There are other very notable pace differential situations. For example, when D’Angelo Russell was playing for the Nets before his injury, they were playing at one of the fastest paces in league history, averaging 111.0 possessions per 48 minutes. Without him on the court, they’re averaging 101.9 — still fast, bordering on a top-10 mark, but nowhere near the speed with their new PG. Russell’s fill-in, Spencer Dinwiddie, predictably has the most negative pace differential in the league, as the Nets have averaged -6.87 fewer possessions per 48 minutes with him on the floor compared to when he’s off. Considering this is a back-up situation, those are likely correlated numbers. When Russell returns, watch if the game totals for the Nets jump back up.

Devin Booker and T.J. McConnell are guys who have had a sizable impact on their team’s pace and have been in and out of the lineup for the Suns and 76ers, respectively. On the other side, two Clippers players — DeAndre Jordan and Austin Rivers — have had a very negative impact on their team’s pace while on the floor. It will be interesting to monitor whether Milos Teodosic — the Clippers’ pass-first point guard who got injured in the second game of the season — can increase their pace of play. He got 20 minutes of action in his first game back, and the Clippers played at their exact season pace against Toronto.

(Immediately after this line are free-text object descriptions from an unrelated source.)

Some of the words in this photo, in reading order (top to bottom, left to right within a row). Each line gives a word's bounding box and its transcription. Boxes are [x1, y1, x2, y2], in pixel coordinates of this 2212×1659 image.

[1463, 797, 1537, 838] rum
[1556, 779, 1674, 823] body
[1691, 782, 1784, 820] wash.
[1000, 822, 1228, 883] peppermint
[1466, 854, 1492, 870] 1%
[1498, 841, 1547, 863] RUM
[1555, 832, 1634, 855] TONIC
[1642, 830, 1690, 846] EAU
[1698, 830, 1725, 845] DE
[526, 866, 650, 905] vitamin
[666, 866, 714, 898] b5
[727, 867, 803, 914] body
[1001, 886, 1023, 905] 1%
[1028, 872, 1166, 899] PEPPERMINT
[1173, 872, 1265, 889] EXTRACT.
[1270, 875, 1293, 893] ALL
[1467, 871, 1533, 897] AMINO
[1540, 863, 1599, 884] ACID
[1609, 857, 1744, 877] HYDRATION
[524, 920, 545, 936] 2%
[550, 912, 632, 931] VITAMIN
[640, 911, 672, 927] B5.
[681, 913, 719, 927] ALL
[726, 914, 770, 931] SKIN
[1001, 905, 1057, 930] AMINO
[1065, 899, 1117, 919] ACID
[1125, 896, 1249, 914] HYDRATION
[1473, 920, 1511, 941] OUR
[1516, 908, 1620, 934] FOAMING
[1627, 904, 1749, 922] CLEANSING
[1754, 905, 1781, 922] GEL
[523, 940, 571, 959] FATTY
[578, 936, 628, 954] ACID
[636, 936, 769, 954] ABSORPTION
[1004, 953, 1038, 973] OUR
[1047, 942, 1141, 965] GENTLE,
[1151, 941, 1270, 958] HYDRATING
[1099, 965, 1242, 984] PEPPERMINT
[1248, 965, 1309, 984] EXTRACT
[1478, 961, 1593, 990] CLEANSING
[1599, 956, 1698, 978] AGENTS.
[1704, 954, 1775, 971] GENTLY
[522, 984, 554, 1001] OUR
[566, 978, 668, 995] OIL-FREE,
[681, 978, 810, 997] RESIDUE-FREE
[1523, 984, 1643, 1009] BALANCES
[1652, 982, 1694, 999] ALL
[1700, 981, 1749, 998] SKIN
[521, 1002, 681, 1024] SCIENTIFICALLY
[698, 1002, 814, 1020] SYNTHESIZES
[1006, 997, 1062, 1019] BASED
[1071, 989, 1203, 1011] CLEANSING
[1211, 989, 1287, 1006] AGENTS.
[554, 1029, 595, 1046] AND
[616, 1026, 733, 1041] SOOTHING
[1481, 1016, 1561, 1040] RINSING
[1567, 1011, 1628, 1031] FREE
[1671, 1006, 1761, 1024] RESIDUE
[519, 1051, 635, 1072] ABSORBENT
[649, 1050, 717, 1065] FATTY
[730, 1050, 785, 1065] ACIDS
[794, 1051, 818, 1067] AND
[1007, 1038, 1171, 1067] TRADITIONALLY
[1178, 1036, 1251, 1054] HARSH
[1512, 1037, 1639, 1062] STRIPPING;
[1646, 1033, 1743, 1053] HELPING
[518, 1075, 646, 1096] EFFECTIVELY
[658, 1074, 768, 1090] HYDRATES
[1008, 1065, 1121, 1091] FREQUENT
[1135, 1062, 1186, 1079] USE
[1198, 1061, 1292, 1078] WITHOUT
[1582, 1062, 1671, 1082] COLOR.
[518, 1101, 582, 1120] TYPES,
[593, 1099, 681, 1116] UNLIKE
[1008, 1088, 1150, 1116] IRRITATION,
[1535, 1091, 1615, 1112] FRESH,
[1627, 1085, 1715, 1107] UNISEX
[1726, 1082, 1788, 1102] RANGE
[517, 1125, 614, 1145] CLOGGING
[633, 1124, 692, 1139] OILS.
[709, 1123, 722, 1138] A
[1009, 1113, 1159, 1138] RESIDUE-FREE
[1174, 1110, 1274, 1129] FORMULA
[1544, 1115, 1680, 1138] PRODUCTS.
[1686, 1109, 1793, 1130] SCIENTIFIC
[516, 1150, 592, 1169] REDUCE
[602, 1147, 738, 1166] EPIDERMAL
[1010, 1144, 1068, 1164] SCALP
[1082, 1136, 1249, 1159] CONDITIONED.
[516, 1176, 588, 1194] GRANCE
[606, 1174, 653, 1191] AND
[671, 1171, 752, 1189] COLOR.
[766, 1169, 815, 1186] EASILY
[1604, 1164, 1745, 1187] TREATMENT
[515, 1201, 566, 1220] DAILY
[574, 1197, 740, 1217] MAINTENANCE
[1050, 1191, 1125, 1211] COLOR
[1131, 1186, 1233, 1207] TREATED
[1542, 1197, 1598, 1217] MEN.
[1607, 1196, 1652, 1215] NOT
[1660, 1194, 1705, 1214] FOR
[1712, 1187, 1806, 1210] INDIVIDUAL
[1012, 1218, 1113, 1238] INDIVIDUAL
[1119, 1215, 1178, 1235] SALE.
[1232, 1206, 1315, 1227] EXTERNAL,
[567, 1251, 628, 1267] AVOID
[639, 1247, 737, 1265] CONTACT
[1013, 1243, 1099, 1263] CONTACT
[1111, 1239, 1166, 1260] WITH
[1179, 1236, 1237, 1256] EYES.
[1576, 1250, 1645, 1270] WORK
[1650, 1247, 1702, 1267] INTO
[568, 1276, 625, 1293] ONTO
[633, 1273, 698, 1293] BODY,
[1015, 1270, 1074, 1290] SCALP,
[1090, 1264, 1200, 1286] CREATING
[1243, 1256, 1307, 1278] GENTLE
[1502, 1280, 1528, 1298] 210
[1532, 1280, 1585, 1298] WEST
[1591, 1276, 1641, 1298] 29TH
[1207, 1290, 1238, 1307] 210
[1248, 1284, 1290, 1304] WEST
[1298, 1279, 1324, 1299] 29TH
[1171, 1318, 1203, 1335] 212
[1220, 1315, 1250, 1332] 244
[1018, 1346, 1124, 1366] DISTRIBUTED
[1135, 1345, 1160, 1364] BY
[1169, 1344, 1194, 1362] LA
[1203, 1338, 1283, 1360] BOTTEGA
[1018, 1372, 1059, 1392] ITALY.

If Teodosic takes more control of the offense as he gets healthy, their 98.8 number should increase.

Team dynamics like that are important to note, and I’ve created an interactive graph to show the pace differential for each player and team:

 

Using this table and graph, along with our awesome NBA on/off tool, you can absolutely find an edge when it comes to DFS production without a player and how a team’s pace of play is affected. But act fast: The Clippers’ total on Wednesday night has already jumped by a point. Good luck out there.